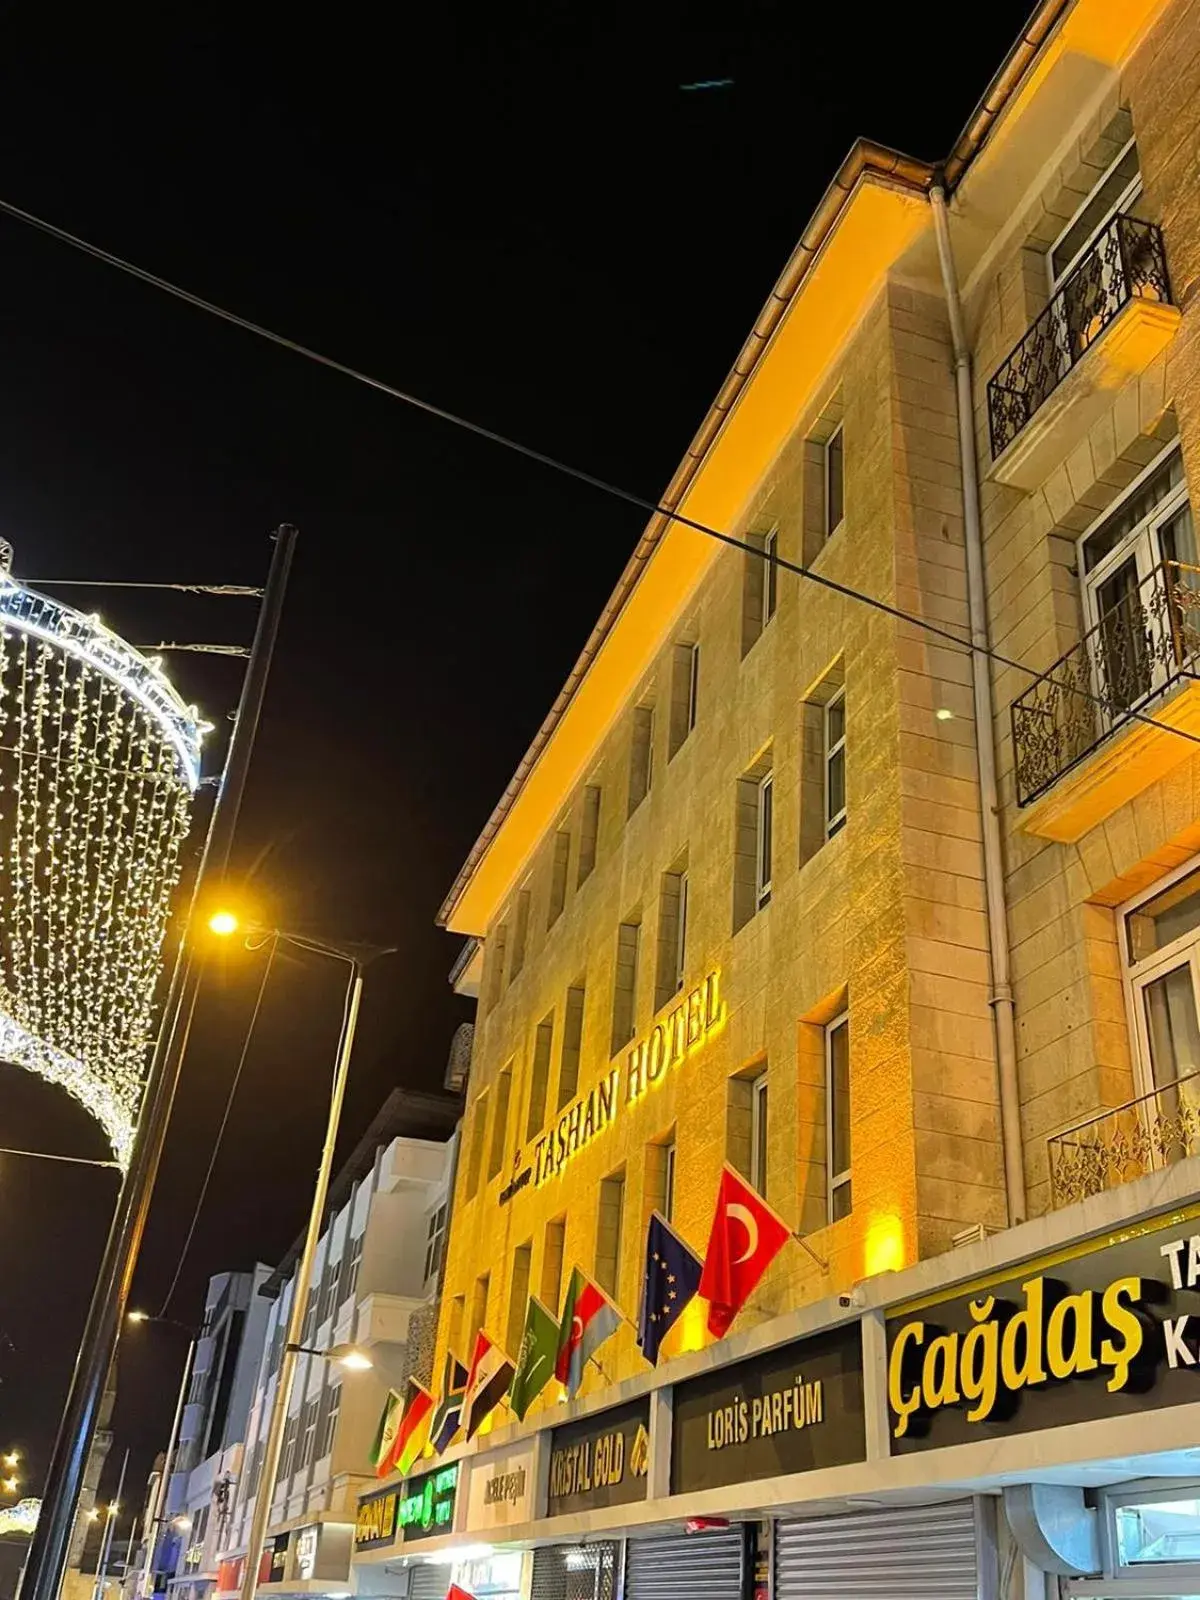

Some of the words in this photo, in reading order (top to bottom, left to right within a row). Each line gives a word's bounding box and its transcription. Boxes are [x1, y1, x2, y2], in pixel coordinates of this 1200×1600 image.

[626, 970, 727, 1106] HOTEL
[889, 1275, 1143, 1439] Çağdaş
[1163, 1314, 1200, 1369] K
[707, 1396, 748, 1449] LORİS
[752, 1375, 823, 1438] PARFÜM
[594, 1432, 624, 1488] GOLD

**What needs to be done:** Retype the entries exactly, skipping every picture.

**Written answer:**
Some of the words in this photo, in reading order (top to bottom, left to right within a row). Each line gives a word's bounding box and its transcription. Boxes are [x1, y1, x2, y2], in pixel coordinates of this 1200×1600 image.

[626, 970, 727, 1106] HOTEL
[889, 1275, 1143, 1439] Çağdaş
[1163, 1314, 1200, 1369] K
[707, 1396, 748, 1449] LORİS
[752, 1375, 823, 1438] PARFÜM
[594, 1432, 624, 1488] GOLD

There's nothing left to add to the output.